In order to support their growth spurts both Ofo and Mobike have turned repeatedly to private equity investors for funding. In April Mobike broke away from that cash-raising cycle when it was fully acquired by Tencent-backed food delivery app Meituan for $2.7 billion (see WiC404).
With the financial burden now shifted to its parent, Mobike was able to launch a more expensive electric bike service, and drop the requirement that users of its pedal-powered bike operations pay a deposit.
Spooked by the spectre of greater competition at home, Ofo has ditched its “presence first” mantra overseas. According to a company spokesman, Ofo wants to focus on “profitability and moving towards priority markets”. As a result, the four year-old firm has pulled out of a number of its overseas locations over the last month.
The withdrawal began in Israel, where Ofo only launched five months ago. On July 8, Ofo said that it would cease operations next month, donating its 600-bike fleet to local charities. (Xinhua noted, in contrast, that Mobike continues to operate in Israel.)
Next on July 9, Ofo scaled back services in India, shutting down all its business there apart from one operation in the western city of Pune, where it has partnered with the local government to roll out a city-wide cycling network.
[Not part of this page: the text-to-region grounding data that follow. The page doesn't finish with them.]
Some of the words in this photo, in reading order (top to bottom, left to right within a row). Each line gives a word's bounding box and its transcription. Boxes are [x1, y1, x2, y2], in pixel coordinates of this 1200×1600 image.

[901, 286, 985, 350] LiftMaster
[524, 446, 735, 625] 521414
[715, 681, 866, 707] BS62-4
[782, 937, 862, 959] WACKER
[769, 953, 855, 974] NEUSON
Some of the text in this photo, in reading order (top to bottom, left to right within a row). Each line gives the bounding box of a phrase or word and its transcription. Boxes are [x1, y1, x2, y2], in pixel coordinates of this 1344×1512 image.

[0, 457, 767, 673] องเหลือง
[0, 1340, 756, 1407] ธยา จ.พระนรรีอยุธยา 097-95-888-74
Many foreign cities haven’t been as welcoming as Pune. In Sydney, for instance, six districts mandated that “dockless” bike-sharing companies needed to introduce geo-fencing tools to ensure that users parked within designated areas. Ofo obliged: if customers left bikes outside an approved spot, their Ofo credit rating would drop. The downside was this dramatically curtailed usage and on July 10 Ofo announced its departure from Australia too. According to 9News, bikes in Sydney were used on average for just 0.3 rides a day compared to four to six elsewhere in the world.
Another reason for the low usage, 9News believed, was Australia’s greater diligence in enforcing the use of helmets when riding. Ofo knew this and when it entered the market it included helmets with its bikes. Unsurprisingly, a lot of them soon went missing.
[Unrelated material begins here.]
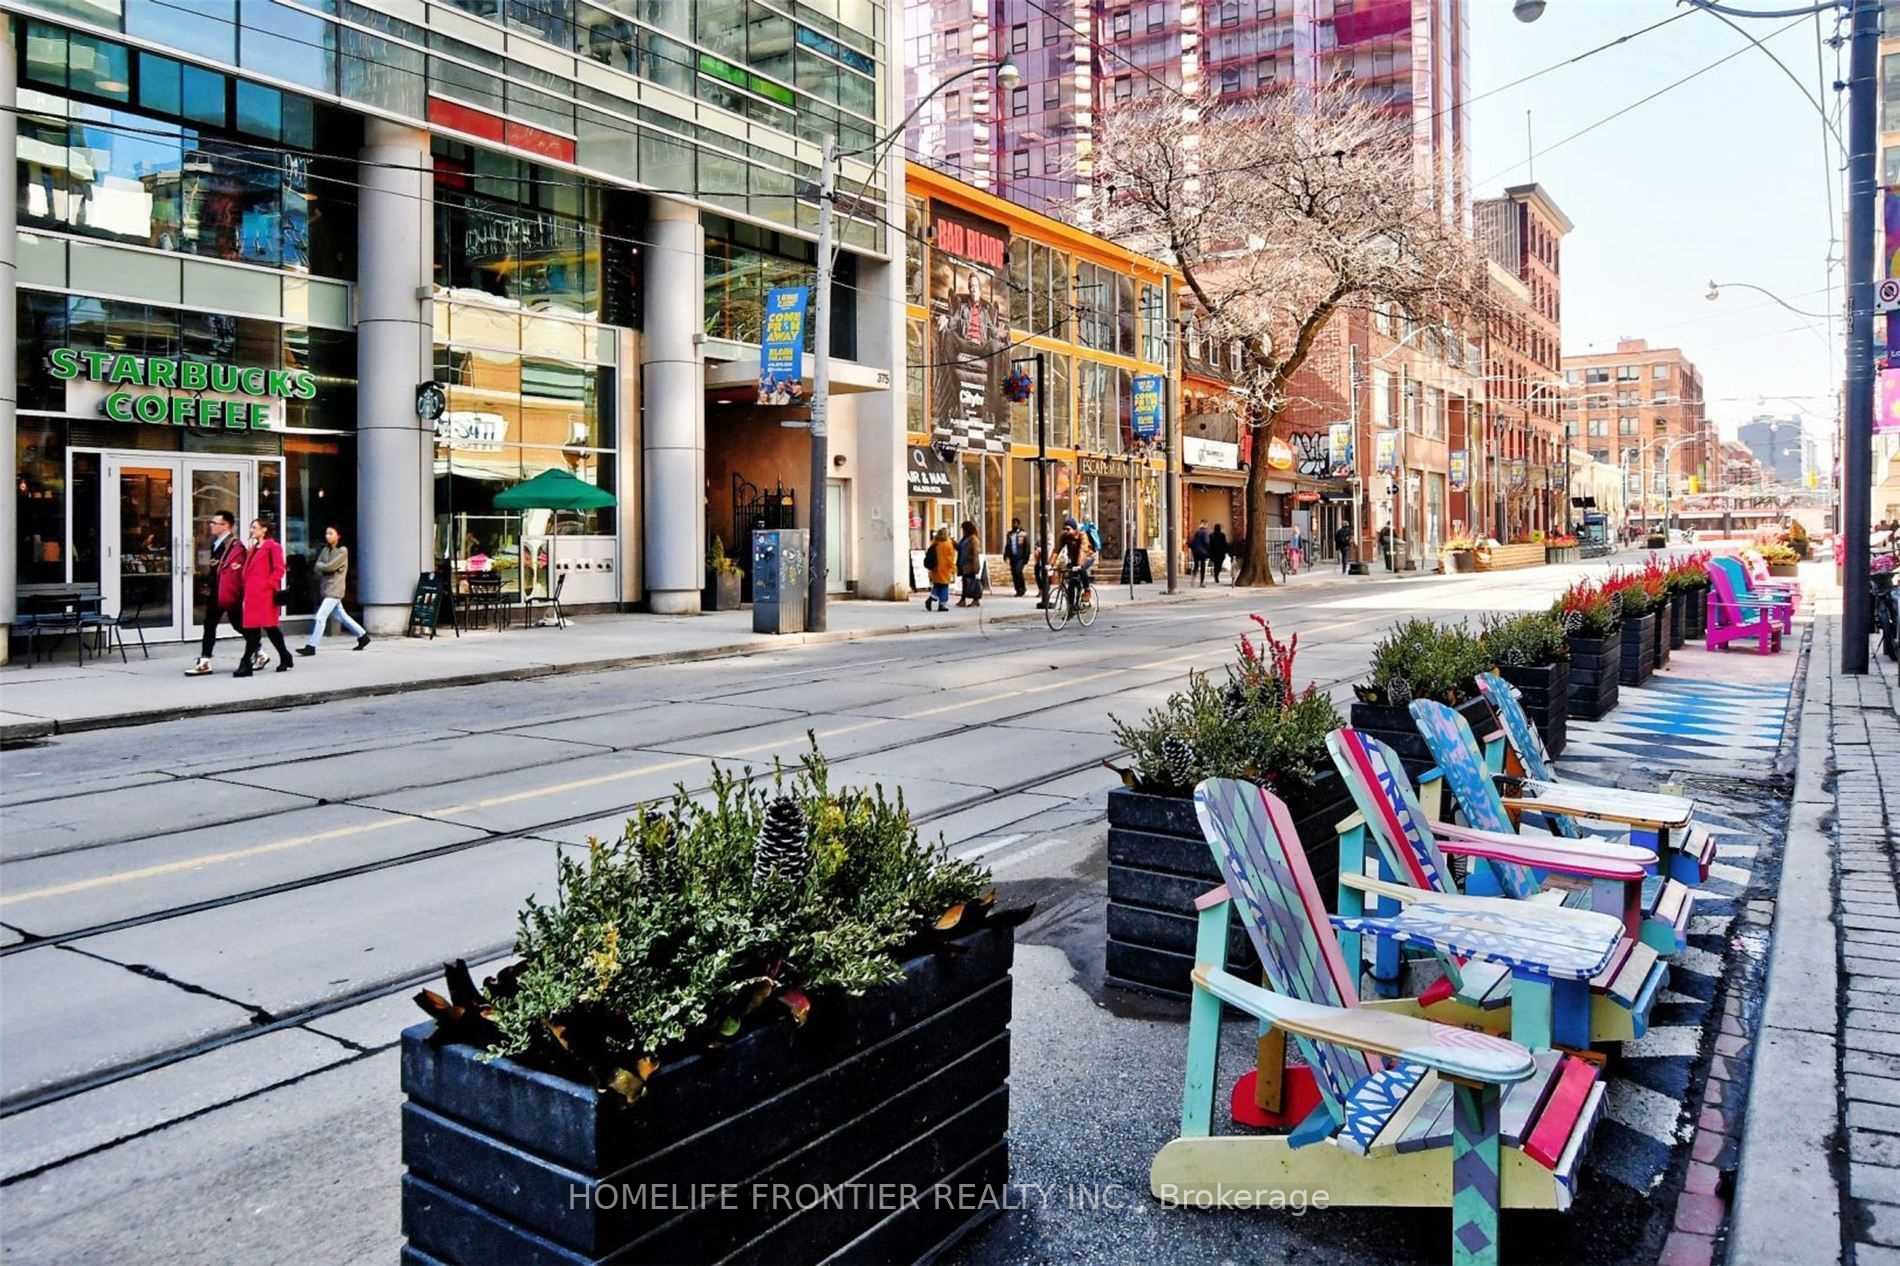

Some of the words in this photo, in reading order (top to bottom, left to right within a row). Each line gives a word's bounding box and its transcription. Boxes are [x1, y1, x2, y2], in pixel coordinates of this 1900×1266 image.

Most recently, and only one week after retreating from its German market too, Ofo said on July 18 that its North American services were “going into sleep mode”.
According to The Observer, “sleep mode” means 70% of Ofo’s US employees will lose their jobs. That said, Ofo only has 100 employees in America, but it has deployed 40,000 bikes across 30 major cities. The Wall Street Journal reported that three of the bikefirm’s top US executives have already resigned over the downsizing.
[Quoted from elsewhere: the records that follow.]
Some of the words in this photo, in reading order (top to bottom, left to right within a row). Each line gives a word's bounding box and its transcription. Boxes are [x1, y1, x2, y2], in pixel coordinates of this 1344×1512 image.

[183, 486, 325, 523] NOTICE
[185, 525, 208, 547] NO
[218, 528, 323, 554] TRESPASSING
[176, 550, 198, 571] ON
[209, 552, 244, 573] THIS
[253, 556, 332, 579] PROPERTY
Ofo counts Alibaba and Didi as its major shareholders but founder and CEO Dai Wei is less keen than Mobike to be bought out by another giant. In the same month that Meituan acquired Mobike, Dai reportedly rebuffed a $1.35 billion takeover bid from Didi. Then, according to the South China Morning Post, Dai declared to his employees they could either leave immediately or fight on with him until the end.
Meanwhile, the cash-burn continues in China’s sharing economy – and as Bloomberg reports it extends across many fronts. As an example, the boss of Alibaba-controlled Ele.me said he was launching a “summer battle” against Meituan to get his market share of food deliveries back to 50% (Meituan’s share reached 59% in the first quarter).
To do this, Ele.me plans to spend Rmb3 billion this quarter, doling out subsidies to consumers, merchants and delivery partners.